Granted, each of those players, especially Nelson, were fine players by any measure before and after their streaks. But it is also true that they were not able to extrapolate their streaks over the course of their career. Indeed, how could they?

But that is precisely what Tiger Woods is expected to do. Most observers, including the Golden Bear himself, expect El Tigre to surpass the standard for excellence over a career set by Nicklaus—70 PGA Tour wins, 19 majors.       

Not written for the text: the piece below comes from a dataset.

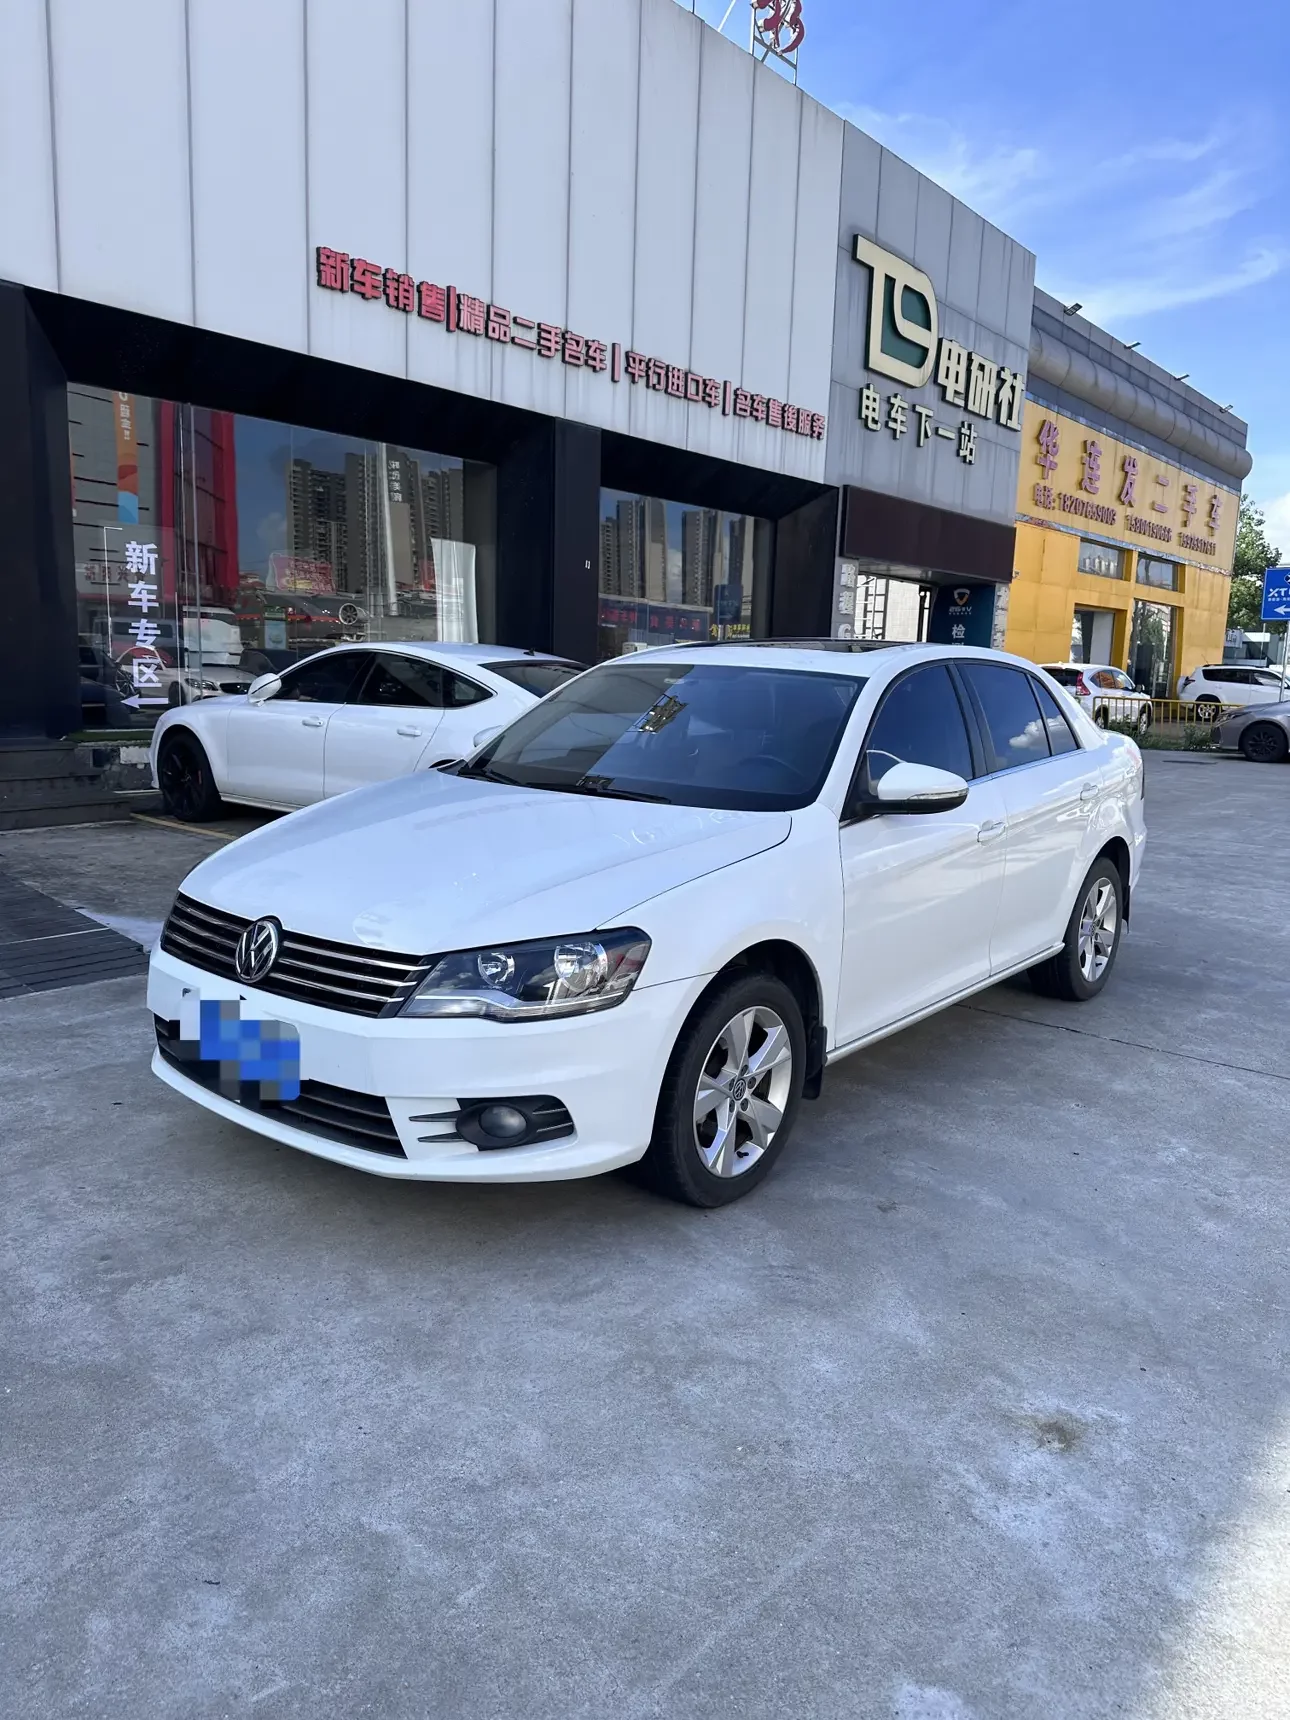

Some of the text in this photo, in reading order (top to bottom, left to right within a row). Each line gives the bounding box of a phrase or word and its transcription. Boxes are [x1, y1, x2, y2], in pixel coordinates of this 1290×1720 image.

What's to stop him? Well, for one, the other PGA players could get their heads on straight. A critical element of Tiger's game is his gamesmanship. When he arrived on tour, he set about convincing the other players that they could not beat him. He'd shoot 66 under brutal conditions and then look out over 50 cameras and announce, "I didn't have my A game." That caused the Matt Gogels of the world to swallow pretty hard back in the clubhouse while celebrating a 68 over a couple of Amstel Lights.

It was Gogel who folded like a cheap pair of plaid slacks and allowed Tiger to beat him by two after leading by seven strokes with seven holes to play at the AT&T Pebble Beach National Pro-Am. True, Tiger played brilliantly, finishing eagle-birdie-par-birdie, but Gogel's back-nine 40 helped too.

Want more evidence that Tiger put some voodoo on his competition? At one point, he won 15 consecutive tournaments after he was leading or tied going into Sunday. That's clearly impressive play, but it also indicates the competition simply laid down.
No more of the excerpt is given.